▸ **Task goal**
Output every entry exactly, from the first line to the last.

▸ **Text-to-region grounding data**

[Start of Attachment]

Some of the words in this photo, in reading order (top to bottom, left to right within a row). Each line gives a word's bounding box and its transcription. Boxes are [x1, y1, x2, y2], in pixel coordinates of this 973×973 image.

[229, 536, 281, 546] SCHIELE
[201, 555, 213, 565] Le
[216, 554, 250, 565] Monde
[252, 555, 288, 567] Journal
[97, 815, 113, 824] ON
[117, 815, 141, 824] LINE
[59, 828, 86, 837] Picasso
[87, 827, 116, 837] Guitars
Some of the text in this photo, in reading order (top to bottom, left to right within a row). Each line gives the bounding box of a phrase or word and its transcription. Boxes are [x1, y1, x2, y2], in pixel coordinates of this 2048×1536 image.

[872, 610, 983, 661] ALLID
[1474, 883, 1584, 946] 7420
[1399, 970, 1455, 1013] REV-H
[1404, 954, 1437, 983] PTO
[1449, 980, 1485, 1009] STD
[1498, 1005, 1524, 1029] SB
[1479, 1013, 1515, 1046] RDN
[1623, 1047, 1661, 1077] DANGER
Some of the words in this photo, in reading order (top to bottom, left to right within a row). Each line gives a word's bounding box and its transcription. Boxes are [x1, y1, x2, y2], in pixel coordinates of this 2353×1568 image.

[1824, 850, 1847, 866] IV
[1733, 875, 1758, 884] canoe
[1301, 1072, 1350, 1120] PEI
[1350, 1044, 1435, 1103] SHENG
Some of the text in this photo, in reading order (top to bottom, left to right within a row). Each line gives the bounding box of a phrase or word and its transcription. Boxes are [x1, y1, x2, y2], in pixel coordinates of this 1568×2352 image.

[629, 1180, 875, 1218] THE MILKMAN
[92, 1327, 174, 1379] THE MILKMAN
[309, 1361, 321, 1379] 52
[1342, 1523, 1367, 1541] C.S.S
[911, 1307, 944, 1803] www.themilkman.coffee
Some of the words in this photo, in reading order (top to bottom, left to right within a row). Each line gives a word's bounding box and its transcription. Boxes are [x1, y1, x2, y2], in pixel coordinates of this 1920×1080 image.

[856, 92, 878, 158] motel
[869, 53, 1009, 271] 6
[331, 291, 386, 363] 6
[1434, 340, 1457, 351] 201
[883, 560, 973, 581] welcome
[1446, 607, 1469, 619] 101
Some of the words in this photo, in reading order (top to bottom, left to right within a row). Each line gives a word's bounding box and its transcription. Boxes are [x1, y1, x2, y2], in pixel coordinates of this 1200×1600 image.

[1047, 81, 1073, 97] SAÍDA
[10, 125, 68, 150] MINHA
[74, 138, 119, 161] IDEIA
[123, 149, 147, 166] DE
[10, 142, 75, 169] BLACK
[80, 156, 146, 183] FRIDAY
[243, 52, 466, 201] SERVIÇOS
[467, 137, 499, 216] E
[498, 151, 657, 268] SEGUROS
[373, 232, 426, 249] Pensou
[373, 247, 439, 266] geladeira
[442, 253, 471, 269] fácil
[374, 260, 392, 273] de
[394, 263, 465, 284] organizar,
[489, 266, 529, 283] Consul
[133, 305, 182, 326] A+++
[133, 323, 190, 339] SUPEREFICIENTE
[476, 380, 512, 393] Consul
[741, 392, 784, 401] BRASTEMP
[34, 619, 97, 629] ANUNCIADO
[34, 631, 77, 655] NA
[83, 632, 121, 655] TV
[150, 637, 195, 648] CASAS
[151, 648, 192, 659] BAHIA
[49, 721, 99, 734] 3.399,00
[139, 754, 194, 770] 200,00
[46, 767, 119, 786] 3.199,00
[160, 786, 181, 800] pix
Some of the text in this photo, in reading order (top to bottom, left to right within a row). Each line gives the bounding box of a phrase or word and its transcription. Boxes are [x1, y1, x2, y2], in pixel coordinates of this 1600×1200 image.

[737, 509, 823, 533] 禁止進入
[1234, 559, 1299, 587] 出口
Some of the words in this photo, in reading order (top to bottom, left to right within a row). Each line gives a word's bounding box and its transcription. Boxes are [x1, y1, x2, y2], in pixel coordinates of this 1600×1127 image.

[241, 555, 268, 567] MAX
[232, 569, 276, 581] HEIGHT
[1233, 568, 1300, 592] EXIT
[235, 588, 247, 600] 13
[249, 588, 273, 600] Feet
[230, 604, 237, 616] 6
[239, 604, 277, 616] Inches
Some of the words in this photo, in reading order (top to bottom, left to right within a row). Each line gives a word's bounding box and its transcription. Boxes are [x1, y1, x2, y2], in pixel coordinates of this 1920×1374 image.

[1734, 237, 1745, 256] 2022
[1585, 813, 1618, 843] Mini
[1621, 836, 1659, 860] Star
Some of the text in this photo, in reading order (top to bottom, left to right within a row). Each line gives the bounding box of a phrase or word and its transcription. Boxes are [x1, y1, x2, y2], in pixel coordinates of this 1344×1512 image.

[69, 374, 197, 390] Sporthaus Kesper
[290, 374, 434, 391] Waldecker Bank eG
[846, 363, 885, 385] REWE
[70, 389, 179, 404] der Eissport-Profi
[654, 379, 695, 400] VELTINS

[End of Attachment]

▸ **Expected answer**
Some of the words in this photo, in reading order (top to bottom, left to right within a row). Each line gives a word's bounding box and its transcription. Boxes are [x1, y1, x2, y2], in pixel coordinates of this 973×973 image.

[229, 536, 281, 546] SCHIELE
[201, 555, 213, 565] Le
[216, 554, 250, 565] Monde
[252, 555, 288, 567] Journal
[97, 815, 113, 824] ON
[117, 815, 141, 824] LINE
[59, 828, 86, 837] Picasso
[87, 827, 116, 837] Guitars
Some of the text in this photo, in reading order (top to bottom, left to right within a row). Each line gives the bounding box of a phrase or word and its transcription. Boxes are [x1, y1, x2, y2], in pixel coordinates of this 2048×1536 image.

[872, 610, 983, 661] ALLID
[1474, 883, 1584, 946] 7420
[1399, 970, 1455, 1013] REV-H
[1404, 954, 1437, 983] PTO
[1449, 980, 1485, 1009] STD
[1498, 1005, 1524, 1029] SB
[1479, 1013, 1515, 1046] RDN
[1623, 1047, 1661, 1077] DANGER
Some of the words in this photo, in reading order (top to bottom, left to right within a row). Each line gives a word's bounding box and its transcription. Boxes are [x1, y1, x2, y2], in pixel coordinates of this 2353×1568 image.

[1824, 850, 1847, 866] IV
[1733, 875, 1758, 884] canoe
[1301, 1072, 1350, 1120] PEI
[1350, 1044, 1435, 1103] SHENG
Some of the text in this photo, in reading order (top to bottom, left to right within a row). Each line gives the bounding box of a phrase or word and its transcription. Boxes are [x1, y1, x2, y2], in pixel coordinates of this 1568×2352 image.

[629, 1180, 875, 1218] THE MILKMAN
[92, 1327, 174, 1379] THE MILKMAN
[309, 1361, 321, 1379] 52
[1342, 1523, 1367, 1541] C.S.S
[911, 1307, 944, 1803] www.themilkman.coffee
Some of the words in this photo, in reading order (top to bottom, left to right within a row). Each line gives a word's bounding box and its transcription. Boxes are [x1, y1, x2, y2], in pixel coordinates of this 1920×1080 image.

[856, 92, 878, 158] motel
[869, 53, 1009, 271] 6
[331, 291, 386, 363] 6
[1434, 340, 1457, 351] 201
[883, 560, 973, 581] welcome
[1446, 607, 1469, 619] 101
Some of the words in this photo, in reading order (top to bottom, left to right within a row). Each line gives a word's bounding box and its transcription. Boxes are [x1, y1, x2, y2], in pixel coordinates of this 1200×1600 image.

[1047, 81, 1073, 97] SAÍDA
[10, 125, 68, 150] MINHA
[74, 138, 119, 161] IDEIA
[123, 149, 147, 166] DE
[10, 142, 75, 169] BLACK
[80, 156, 146, 183] FRIDAY
[243, 52, 466, 201] SERVIÇOS
[467, 137, 499, 216] E
[498, 151, 657, 268] SEGUROS
[373, 232, 426, 249] Pensou
[373, 247, 439, 266] geladeira
[442, 253, 471, 269] fácil
[374, 260, 392, 273] de
[394, 263, 465, 284] organizar,
[489, 266, 529, 283] Consul
[133, 305, 182, 326] A+++
[133, 323, 190, 339] SUPEREFICIENTE
[476, 380, 512, 393] Consul
[741, 392, 784, 401] BRASTEMP
[34, 619, 97, 629] ANUNCIADO
[34, 631, 77, 655] NA
[83, 632, 121, 655] TV
[150, 637, 195, 648] CASAS
[151, 648, 192, 659] BAHIA
[49, 721, 99, 734] 3.399,00
[139, 754, 194, 770] 200,00
[46, 767, 119, 786] 3.199,00
[160, 786, 181, 800] pix
Some of the text in this photo, in reading order (top to bottom, left to right within a row). Each line gives the bounding box of a phrase or word and its transcription. Boxes are [x1, y1, x2, y2], in pixel coordinates of this 1600×1200 image.

[737, 509, 823, 533] 禁止進入
[1234, 559, 1299, 587] 出口
Some of the words in this photo, in reading order (top to bottom, left to right within a row). Each line gives a word's bounding box and its transcription. Boxes are [x1, y1, x2, y2], in pixel coordinates of this 1600×1127 image.

[241, 555, 268, 567] MAX
[232, 569, 276, 581] HEIGHT
[1233, 568, 1300, 592] EXIT
[235, 588, 247, 600] 13
[249, 588, 273, 600] Feet
[230, 604, 237, 616] 6
[239, 604, 277, 616] Inches
Some of the words in this photo, in reading order (top to bottom, left to right within a row). Each line gives a word's bounding box and its transcription. Boxes are [x1, y1, x2, y2], in pixel coordinates of this 1920×1374 image.

[1734, 237, 1745, 256] 2022
[1585, 813, 1618, 843] Mini
[1621, 836, 1659, 860] Star
Some of the text in this photo, in reading order (top to bottom, left to right within a row). Each line gives the bounding box of a phrase or word and its transcription. Boxes are [x1, y1, x2, y2], in pixel coordinates of this 1344×1512 image.

[69, 374, 197, 390] Sporthaus Kesper
[290, 374, 434, 391] Waldecker Bank eG
[846, 363, 885, 385] REWE
[70, 389, 179, 404] der Eissport-Profi
[654, 379, 695, 400] VELTINS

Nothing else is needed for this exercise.